[Items listed in a dataset]
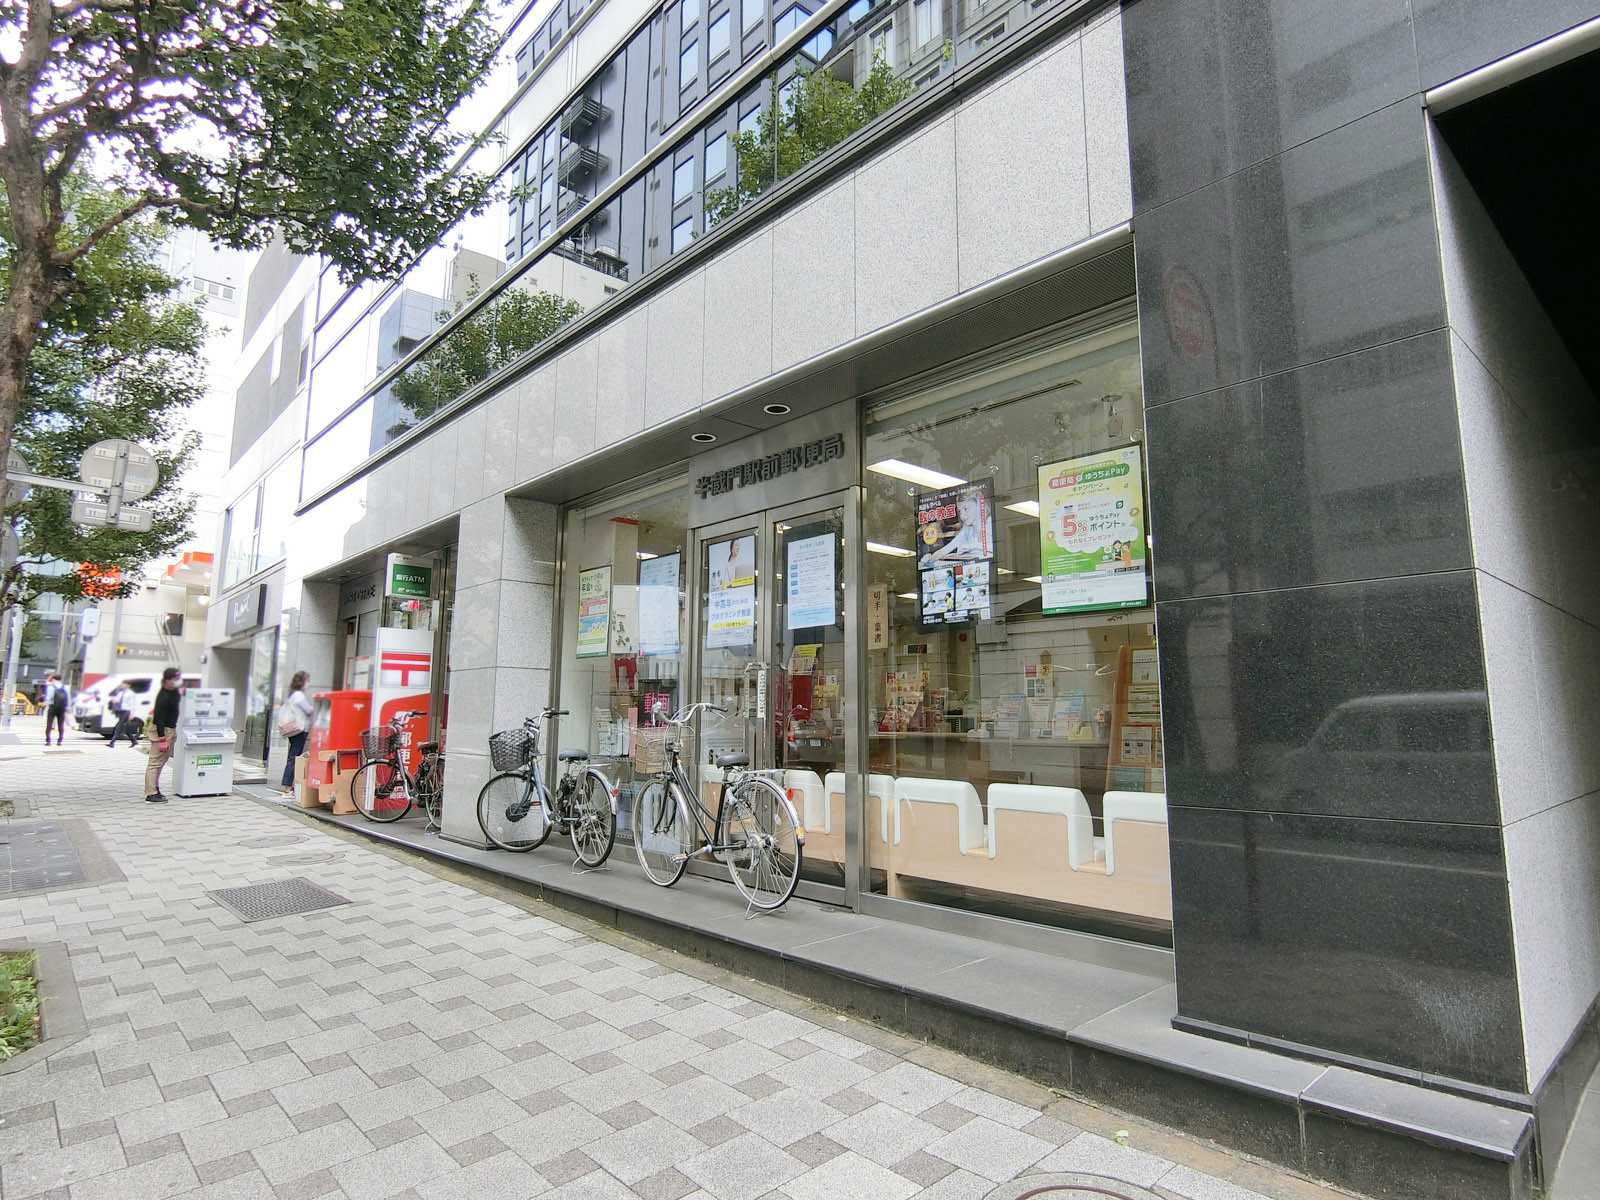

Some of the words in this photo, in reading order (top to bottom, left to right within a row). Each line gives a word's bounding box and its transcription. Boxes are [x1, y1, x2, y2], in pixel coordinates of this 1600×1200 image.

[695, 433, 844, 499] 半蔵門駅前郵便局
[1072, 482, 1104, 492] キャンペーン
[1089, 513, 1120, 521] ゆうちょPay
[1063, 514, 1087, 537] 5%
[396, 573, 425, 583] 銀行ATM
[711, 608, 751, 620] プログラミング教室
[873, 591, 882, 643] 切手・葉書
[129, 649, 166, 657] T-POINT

● **ACTIVITY**
Give the data above again in full and unchanged, skipping the pictures.

● **SOLUTION**
Some of the words in this photo, in reading order (top to bottom, left to right within a row). Each line gives a word's bounding box and its transcription. Boxes are [x1, y1, x2, y2], in pixel coordinates of this 1600×1200 image.

[695, 433, 844, 499] 半蔵門駅前郵便局
[1072, 482, 1104, 492] キャンペーン
[1089, 513, 1120, 521] ゆうちょPay
[1063, 514, 1087, 537] 5%
[396, 573, 425, 583] 銀行ATM
[711, 608, 751, 620] プログラミング教室
[873, 591, 882, 643] 切手・葉書
[129, 649, 166, 657] T-POINT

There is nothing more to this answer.